[Items from a dataset]
━━━━

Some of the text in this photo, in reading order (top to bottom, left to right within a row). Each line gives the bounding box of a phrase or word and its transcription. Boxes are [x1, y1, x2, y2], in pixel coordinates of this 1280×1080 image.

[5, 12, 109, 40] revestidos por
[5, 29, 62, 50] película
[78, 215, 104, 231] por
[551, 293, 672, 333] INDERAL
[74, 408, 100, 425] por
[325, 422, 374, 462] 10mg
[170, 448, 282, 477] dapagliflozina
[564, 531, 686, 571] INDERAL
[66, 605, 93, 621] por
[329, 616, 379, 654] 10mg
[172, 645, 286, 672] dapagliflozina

━━━━

EXERCISE BRIEF: Set down each record above without changing a single word.

EXERCISE RESPONSE:
Some of the text in this photo, in reading order (top to bottom, left to right within a row). Each line gives the bounding box of a phrase or word and its transcription. Boxes are [x1, y1, x2, y2], in pixel coordinates of this 1280×1080 image.

[5, 12, 109, 40] revestidos por
[5, 29, 62, 50] película
[78, 215, 104, 231] por
[551, 293, 672, 333] INDERAL
[74, 408, 100, 425] por
[325, 422, 374, 462] 10mg
[170, 448, 282, 477] dapagliflozina
[564, 531, 686, 571] INDERAL
[66, 605, 93, 621] por
[329, 616, 379, 654] 10mg
[172, 645, 286, 672] dapagliflozina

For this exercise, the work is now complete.